### TASK DESCRIPTION
Output all entries verbatim, dropping pictures.

[Dataset entries]
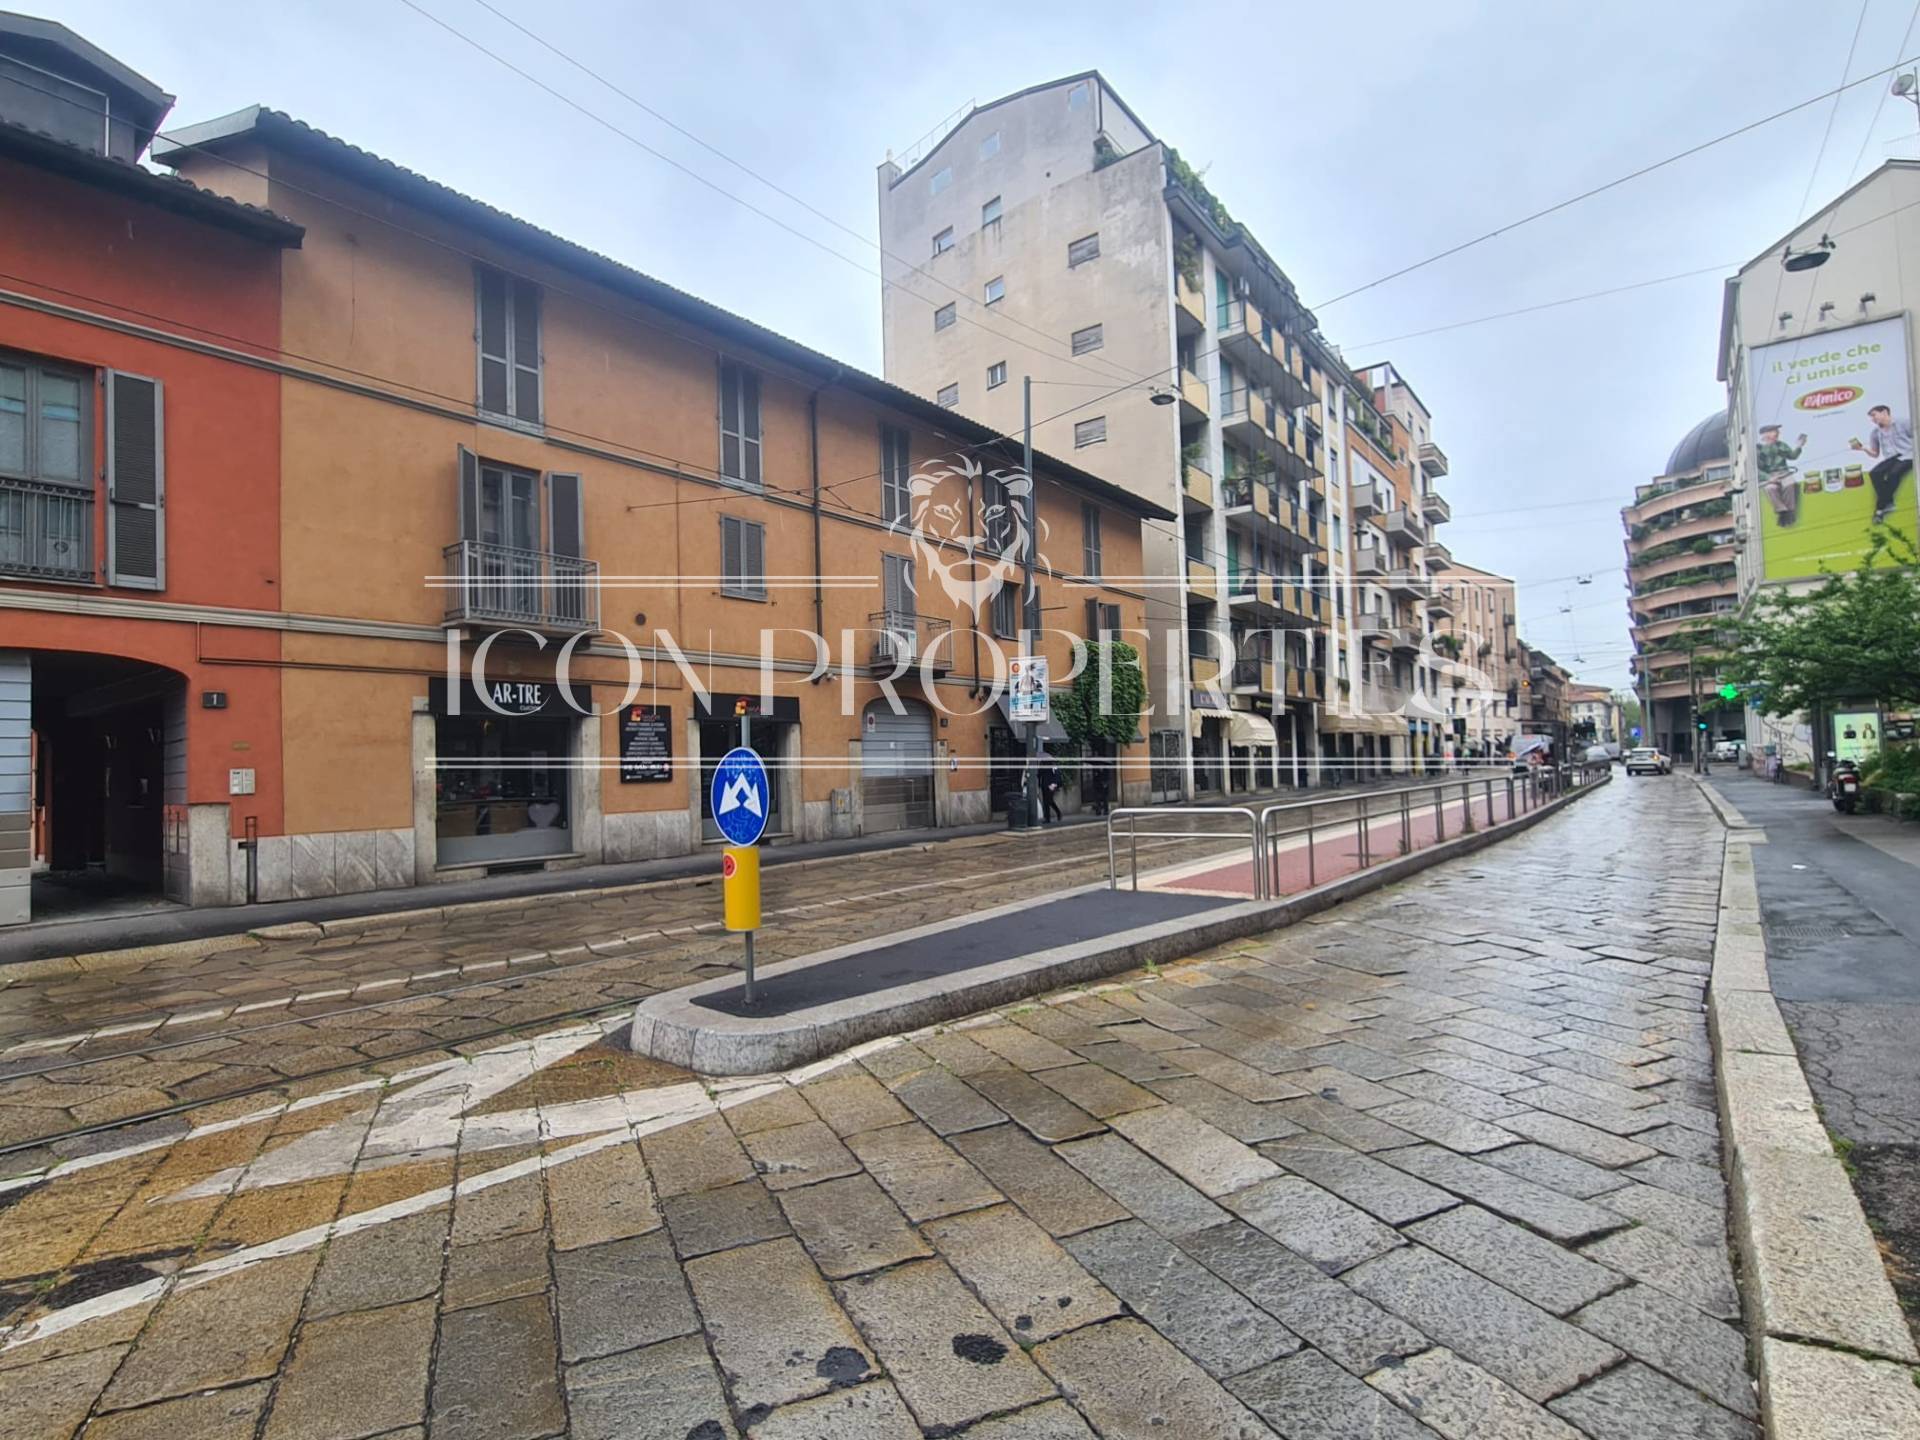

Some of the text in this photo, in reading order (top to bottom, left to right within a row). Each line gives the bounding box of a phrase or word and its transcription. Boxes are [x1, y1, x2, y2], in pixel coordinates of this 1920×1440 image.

[1772, 343, 1881, 373] il verde che
[1786, 361, 1869, 384] ci unisce
[493, 682, 542, 705] AR-TRE
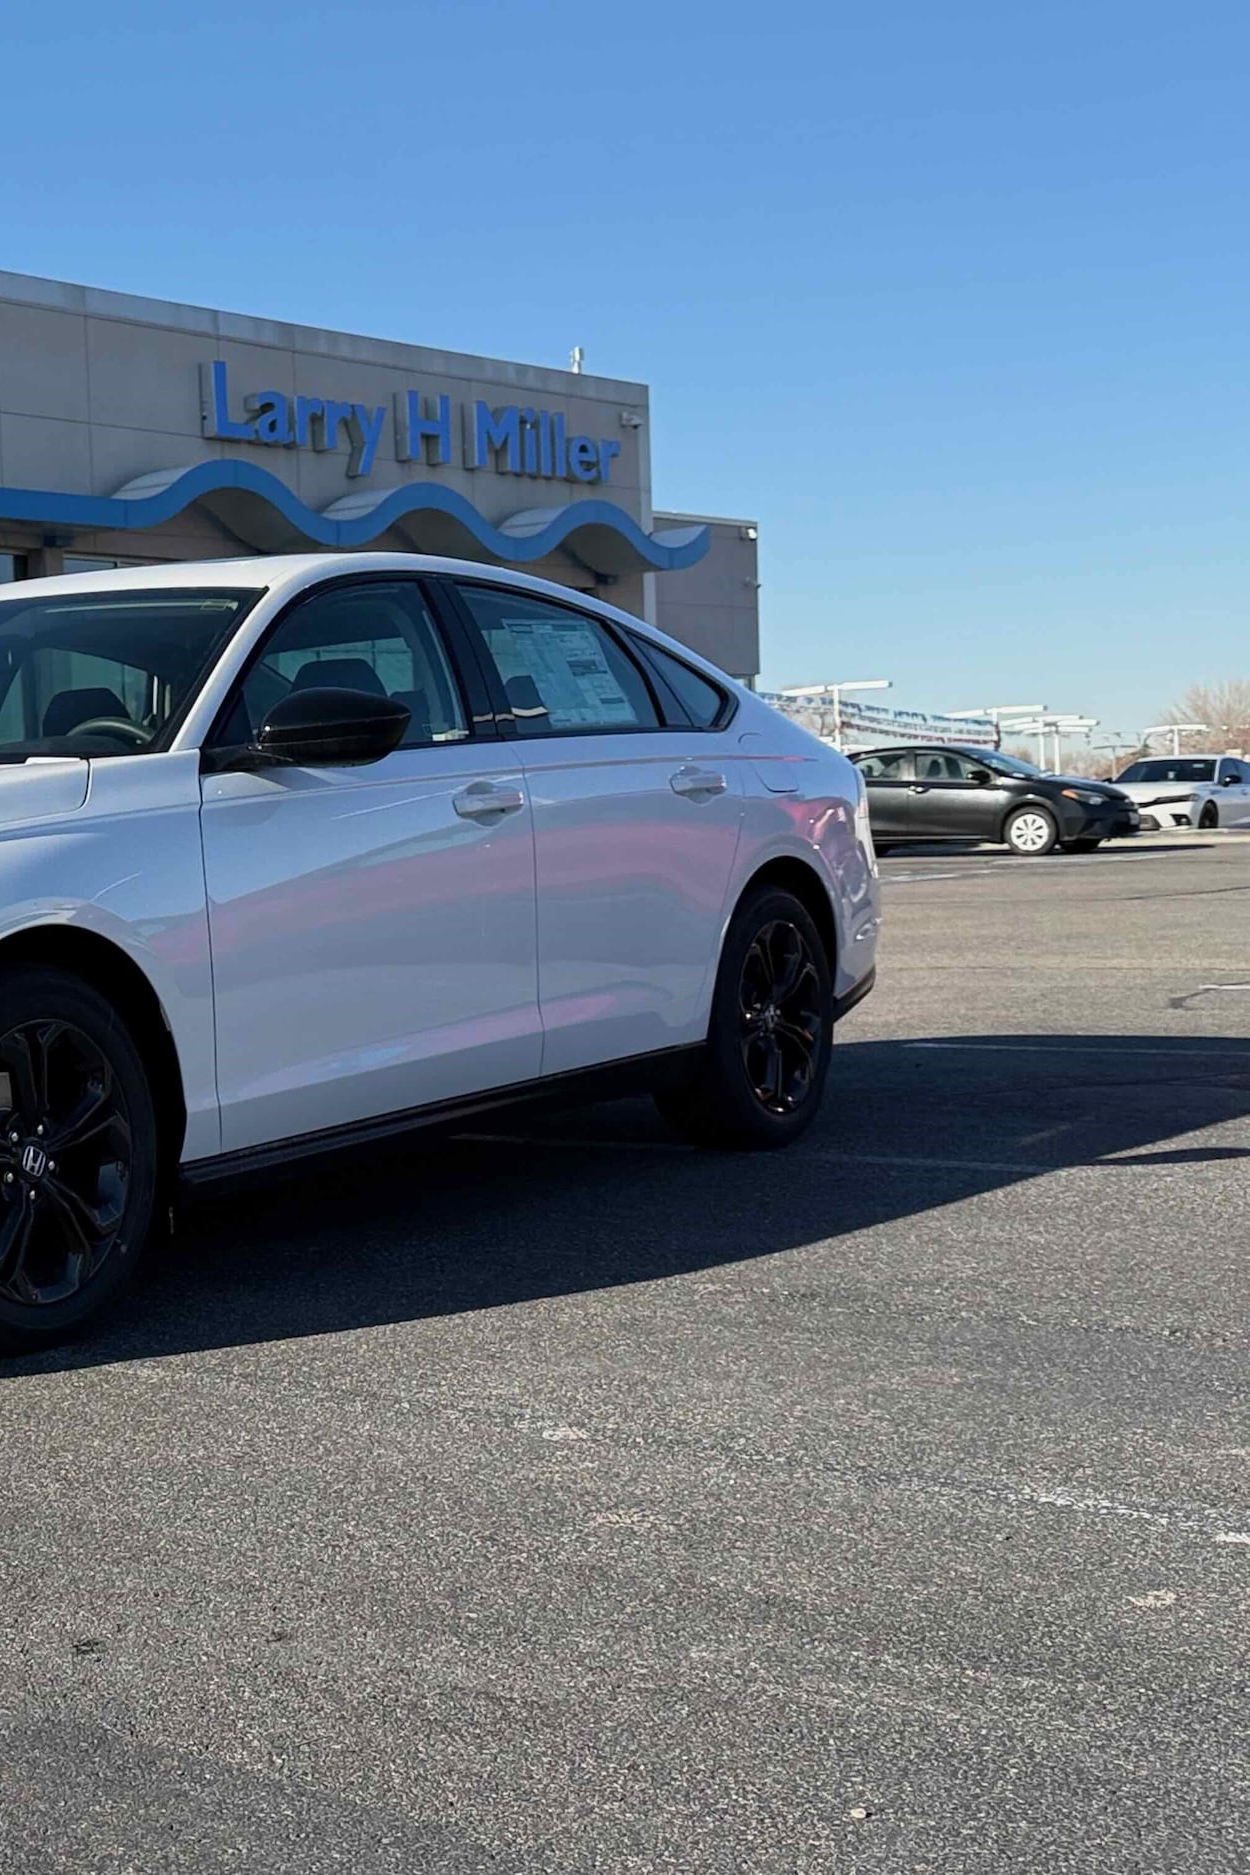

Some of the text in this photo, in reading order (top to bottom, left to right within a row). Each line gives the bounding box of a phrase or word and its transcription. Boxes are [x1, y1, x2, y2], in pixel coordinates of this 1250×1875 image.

[210, 360, 622, 482] Larry H Miller

### EXERCISE SOLUTION
Some of the text in this photo, in reading order (top to bottom, left to right within a row). Each line gives the bounding box of a phrase or word and its transcription. Boxes are [x1, y1, x2, y2], in pixel coordinates of this 1920×1440 image.

[1772, 343, 1881, 373] il verde che
[1786, 361, 1869, 384] ci unisce
[493, 682, 542, 705] AR-TRE

Some of the text in this photo, in reading order (top to bottom, left to right within a row). Each line gives the bounding box of a phrase or word and its transcription. Boxes are [x1, y1, x2, y2], in pixel coordinates of this 1250×1875 image.

[210, 360, 622, 482] Larry H Miller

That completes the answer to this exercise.